Pour les plus âgés (> 75 ans), 1 senior sur 4 aux Antilles contre 1 sur 6 dans l’hexagone.

Quelles en sont les modifications biologiques ?

Un dérèglement de la production et de la capture de 3 neurotransmetteurs est à l’origine du développement de l’épisode dépressif majeur.

  • Sérotonine qui a pour fonction d’équilibrer le sommeil, l’appétit et l’humeur
  • Dopamine, responsable de la régulation de l’humeur et de la motivation
  • Noradrénaline qui gère l’attention et le sommeil

Quels sont les symptômes d’une dépression ?

Ils sont regroupés dans le tableau ci-contre. Si la tristesse est quasi-permanente, elle s’exprime différemment selon l’éducation, le genre ou la culture… Les pleurs ne sont pas obligatoirement exprimés et peuvent être remplacés par des douleurs somatiques, une irritabilité chez nos aînés. La culpabilité n’est pas au 1er plan comme les plus jeunes peuvent l’échanger, mais un ralentissement psychomoteur peut apparaitre.

Un repli sur soi est possible et doit alerter les proches : des habitudes de vie (aller à la messe, visiter son voisinage…) qui ne sont plus honorées marquent un temps d’arrêt sociétal. Un désinvestissement de son quotidien peut amener à consulter.

Repérer une dépression est souvent plus difficile chez les seniors qui ont plutôt tendance à se plaindre de troubles de la mémoire ou de l’attention, faisant craindre une maladie neuro-dégénérative par exemple.

Sachant également que le deuil n’est pas considéré comme étant un épisode dépressif caractérisé. C’est une étape « normalisée » de notre psychisme, avec des étapes presque synchronisées.

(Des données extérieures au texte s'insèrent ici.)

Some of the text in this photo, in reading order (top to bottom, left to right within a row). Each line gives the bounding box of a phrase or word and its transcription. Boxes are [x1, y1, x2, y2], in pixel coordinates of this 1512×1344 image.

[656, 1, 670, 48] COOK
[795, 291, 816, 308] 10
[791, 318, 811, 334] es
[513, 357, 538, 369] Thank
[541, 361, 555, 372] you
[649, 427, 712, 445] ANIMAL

L’état de deuil est une réaction d’adaptation à une perte significative qui ne doit pas être considéré comme un état pathologique.

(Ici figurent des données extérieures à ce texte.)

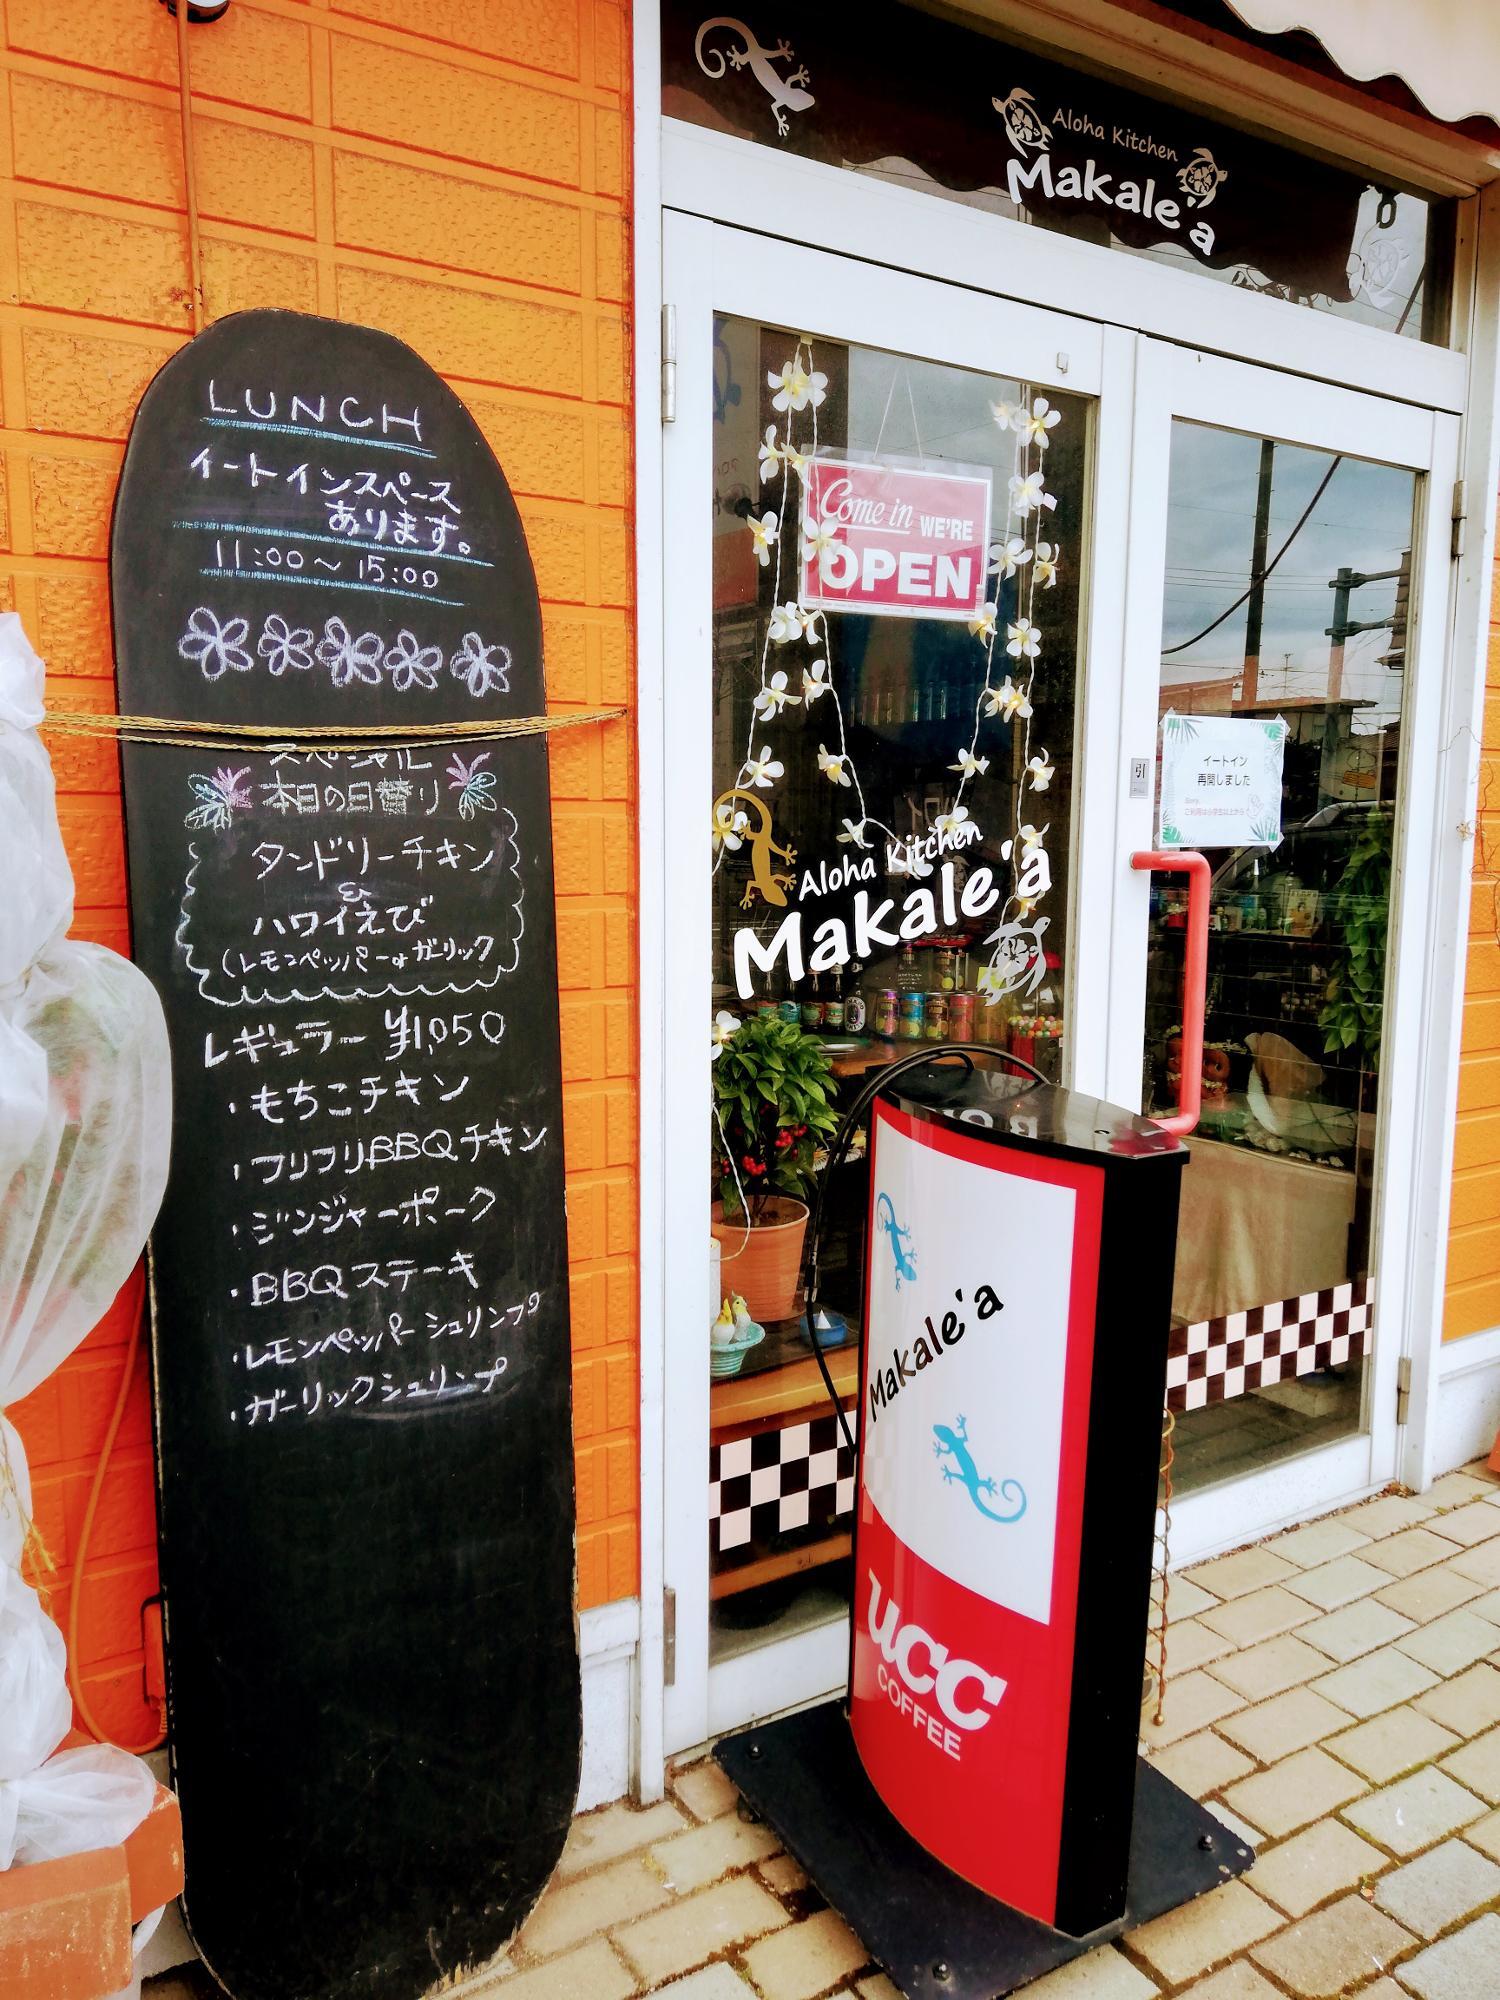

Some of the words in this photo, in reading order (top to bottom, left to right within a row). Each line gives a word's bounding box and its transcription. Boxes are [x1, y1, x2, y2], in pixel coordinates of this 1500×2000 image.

[1052, 107, 1105, 140] Aloha
[1112, 127, 1179, 162] Kitchen
[1006, 154, 1216, 256] Makale'a
[208, 379, 423, 441] LUNCH
[190, 447, 462, 514] イートインスペース
[325, 499, 471, 556] あります。
[821, 478, 885, 524] Come
[889, 497, 913, 529] in
[920, 514, 974, 541] WE'RE
[821, 544, 972, 600] OPEN
[265, 743, 433, 770] スペシャル
[1197, 773, 1250, 787] 再開しました
[1203, 755, 1248, 767] イートイン
[252, 836, 494, 880] タンドリーチキン
[799, 855, 877, 901] Aloha
[886, 821, 984, 873] Kitchen
[252, 895, 434, 938] ハワイえび
[734, 839, 1052, 1000] Makale'a
[204, 1022, 367, 1068] レギュラー
[869, 1284, 1004, 1423] Makale'a
[877, 1664, 961, 1761] COFFEE

Symptômes d’un épisode dépressif caractérisé
Au moins 2 symptômes principaux :

  • humeur dépressive ; tristesse
  • perte d’intérêt, abattement
  • perte d’énergie, augmentation de la fatigabilité.
Au moins 2 des autres symptômes :

  • concentration et attention réduite
  • diminution de l’estime de soi et de la confiance en soi
  • sentiment de culpabilité et d’inutilité
  • perspectives négatives et pessimistes pour le futur
  • idées et comportement suicidaires
  • troubles du sommeil
  • perte d’appétit.

 Quelle est la différence entre l’anxiété et la dépression ?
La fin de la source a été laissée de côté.